一瞬目を剥いた立香だが、直ぐにそうだねと笑顔を見せた。

どうやらドレイクの言葉が胸に響いたらしい。

ほっと安堵の息をマシュは吐いた。

そして少しだけ、本の少しだけ立香を励ませられなかった自分を悔やんだ。

経験不足なことを踏まえてもやはり尊敬する先輩(マスター)の支えになりたいと考えていた。

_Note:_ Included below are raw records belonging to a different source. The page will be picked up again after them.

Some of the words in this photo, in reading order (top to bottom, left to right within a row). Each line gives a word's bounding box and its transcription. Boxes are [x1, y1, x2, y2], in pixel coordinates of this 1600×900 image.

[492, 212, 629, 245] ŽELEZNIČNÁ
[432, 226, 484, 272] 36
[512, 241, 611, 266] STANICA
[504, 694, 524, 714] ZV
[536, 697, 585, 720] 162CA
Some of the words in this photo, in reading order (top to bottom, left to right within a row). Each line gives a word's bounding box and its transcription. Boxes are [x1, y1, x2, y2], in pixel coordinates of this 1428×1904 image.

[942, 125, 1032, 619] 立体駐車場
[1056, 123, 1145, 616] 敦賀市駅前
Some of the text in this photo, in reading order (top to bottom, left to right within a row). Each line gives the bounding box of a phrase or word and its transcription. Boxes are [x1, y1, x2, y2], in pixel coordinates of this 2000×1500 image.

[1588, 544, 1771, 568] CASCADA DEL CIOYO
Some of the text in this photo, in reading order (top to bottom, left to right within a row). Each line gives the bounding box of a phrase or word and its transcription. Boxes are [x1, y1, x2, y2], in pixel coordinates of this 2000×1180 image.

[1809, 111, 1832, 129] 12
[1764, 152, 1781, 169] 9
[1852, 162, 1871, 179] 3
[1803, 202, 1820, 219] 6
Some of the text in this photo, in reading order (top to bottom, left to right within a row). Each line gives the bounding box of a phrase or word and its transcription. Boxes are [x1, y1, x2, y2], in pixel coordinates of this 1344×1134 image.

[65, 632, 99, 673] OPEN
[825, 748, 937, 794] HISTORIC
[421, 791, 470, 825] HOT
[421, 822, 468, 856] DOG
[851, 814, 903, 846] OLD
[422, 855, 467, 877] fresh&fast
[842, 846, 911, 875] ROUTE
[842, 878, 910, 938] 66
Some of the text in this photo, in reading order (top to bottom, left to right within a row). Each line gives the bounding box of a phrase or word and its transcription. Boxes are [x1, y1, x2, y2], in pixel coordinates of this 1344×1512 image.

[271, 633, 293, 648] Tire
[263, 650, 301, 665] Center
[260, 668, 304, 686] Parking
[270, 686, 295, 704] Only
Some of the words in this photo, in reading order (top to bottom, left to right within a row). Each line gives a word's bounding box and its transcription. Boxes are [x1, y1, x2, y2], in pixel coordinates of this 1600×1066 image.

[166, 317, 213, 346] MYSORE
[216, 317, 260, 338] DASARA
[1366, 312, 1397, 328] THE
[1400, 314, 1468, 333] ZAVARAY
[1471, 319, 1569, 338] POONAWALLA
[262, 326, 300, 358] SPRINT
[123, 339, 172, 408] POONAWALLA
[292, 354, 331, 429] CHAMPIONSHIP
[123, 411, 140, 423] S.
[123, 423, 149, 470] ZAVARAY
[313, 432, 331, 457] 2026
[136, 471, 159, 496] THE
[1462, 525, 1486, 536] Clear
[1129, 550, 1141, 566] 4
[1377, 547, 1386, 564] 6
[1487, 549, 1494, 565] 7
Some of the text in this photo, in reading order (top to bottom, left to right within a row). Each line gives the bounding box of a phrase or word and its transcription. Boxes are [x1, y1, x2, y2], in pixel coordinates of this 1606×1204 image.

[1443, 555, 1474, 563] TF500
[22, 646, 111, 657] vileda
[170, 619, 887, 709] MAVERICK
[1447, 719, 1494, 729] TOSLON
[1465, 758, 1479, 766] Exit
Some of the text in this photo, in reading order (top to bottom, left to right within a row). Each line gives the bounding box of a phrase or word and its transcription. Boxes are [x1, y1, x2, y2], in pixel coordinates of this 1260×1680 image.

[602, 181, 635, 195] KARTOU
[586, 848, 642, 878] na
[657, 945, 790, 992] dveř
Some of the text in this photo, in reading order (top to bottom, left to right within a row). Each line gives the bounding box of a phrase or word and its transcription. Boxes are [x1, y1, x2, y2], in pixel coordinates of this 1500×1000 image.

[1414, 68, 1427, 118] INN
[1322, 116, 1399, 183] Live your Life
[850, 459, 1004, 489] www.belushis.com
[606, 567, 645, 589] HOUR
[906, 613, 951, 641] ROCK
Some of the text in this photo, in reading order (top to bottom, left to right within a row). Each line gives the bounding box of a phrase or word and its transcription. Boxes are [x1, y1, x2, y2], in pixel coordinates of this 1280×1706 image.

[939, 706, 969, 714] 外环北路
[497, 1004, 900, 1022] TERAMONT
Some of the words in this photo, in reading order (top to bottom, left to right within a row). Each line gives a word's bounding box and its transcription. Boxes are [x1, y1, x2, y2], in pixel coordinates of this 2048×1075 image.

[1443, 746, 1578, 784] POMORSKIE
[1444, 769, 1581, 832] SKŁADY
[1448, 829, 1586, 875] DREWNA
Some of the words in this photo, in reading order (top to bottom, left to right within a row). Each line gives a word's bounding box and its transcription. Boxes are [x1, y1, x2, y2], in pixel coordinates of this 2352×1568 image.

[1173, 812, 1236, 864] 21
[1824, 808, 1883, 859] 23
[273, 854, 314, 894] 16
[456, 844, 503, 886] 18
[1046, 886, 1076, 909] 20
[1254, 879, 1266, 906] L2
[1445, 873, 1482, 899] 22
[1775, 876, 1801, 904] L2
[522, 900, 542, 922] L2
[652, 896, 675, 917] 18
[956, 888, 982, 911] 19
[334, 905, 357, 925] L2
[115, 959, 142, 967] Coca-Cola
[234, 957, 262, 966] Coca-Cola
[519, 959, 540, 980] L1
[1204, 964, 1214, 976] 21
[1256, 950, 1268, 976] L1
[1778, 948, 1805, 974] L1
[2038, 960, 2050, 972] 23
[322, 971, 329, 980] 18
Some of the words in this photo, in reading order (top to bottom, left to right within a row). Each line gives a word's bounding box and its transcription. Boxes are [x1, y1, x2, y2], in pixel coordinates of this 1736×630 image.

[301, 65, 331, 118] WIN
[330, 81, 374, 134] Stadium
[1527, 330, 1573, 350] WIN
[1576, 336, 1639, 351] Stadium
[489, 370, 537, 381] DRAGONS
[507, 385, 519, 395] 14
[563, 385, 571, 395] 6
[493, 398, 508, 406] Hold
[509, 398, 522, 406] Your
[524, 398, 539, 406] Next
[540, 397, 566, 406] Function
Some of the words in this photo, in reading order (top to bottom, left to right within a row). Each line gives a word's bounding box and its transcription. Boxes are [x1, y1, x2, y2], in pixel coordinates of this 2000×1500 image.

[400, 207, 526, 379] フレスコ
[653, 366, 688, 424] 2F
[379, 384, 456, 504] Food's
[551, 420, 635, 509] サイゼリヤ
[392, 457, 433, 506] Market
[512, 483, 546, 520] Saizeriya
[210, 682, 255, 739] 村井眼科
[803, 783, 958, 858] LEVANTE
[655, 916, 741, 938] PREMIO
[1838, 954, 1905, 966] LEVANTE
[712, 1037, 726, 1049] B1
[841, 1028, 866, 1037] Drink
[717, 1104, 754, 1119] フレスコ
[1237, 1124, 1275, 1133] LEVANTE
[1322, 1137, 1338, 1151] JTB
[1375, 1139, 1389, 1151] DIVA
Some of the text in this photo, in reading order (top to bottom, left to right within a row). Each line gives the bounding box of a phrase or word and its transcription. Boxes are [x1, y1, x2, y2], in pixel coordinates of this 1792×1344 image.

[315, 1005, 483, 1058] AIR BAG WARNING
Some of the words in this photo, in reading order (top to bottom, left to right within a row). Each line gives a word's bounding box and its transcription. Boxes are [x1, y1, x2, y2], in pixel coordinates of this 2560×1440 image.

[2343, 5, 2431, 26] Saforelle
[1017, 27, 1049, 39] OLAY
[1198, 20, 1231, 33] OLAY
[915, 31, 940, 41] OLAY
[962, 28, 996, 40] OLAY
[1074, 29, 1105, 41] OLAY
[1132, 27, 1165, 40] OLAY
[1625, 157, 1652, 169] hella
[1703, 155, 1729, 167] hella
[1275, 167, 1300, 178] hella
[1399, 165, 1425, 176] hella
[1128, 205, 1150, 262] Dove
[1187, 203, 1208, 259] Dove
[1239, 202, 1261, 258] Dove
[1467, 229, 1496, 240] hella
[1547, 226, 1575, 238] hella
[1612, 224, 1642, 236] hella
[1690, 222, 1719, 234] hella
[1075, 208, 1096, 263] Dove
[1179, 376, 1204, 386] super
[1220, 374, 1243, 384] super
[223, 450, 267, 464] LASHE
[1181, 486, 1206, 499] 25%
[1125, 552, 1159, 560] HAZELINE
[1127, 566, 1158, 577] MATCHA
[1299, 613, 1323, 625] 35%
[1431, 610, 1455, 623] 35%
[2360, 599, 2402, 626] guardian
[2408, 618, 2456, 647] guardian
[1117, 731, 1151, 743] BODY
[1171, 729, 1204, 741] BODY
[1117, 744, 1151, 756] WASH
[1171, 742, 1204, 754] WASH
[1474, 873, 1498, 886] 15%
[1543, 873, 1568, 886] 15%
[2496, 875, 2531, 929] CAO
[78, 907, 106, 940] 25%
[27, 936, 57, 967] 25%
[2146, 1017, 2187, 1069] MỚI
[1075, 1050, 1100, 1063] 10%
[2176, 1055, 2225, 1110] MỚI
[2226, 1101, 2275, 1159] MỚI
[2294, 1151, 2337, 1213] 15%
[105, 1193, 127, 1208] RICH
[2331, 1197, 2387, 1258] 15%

だが立香の曇りのない顔によかったと納得させたのである。

「マスター、お話中のところ悪いのだが少しいいだろうか」

雰囲気が緩和されたことを察し、声を上げたのは緑の狩人ことアタランテだ。

彼女はやや眉間に皺を寄せ、一度出入り口の方向を見てから立香に向き直った。

「? どうかしたのアタランテ」
「ダビデが」
「ダビデ?」
「ダビデさん? 確か少し前にそこに……」

マシュが指差した方向には勿論いない。

何処だと立香とマシュが探すなか、アタランテはやや冷や汗をかきながらこう続けた。

「ダビデが、部屋の外へと出ていったんだ」

そうなのかと立香は言う。

おそらく重い空気に堪え兼ねたのかもしれない。

あとで謝らなければと考えたのだが実際問題彼はそのような理由で部屋の外へ出たのではないのである。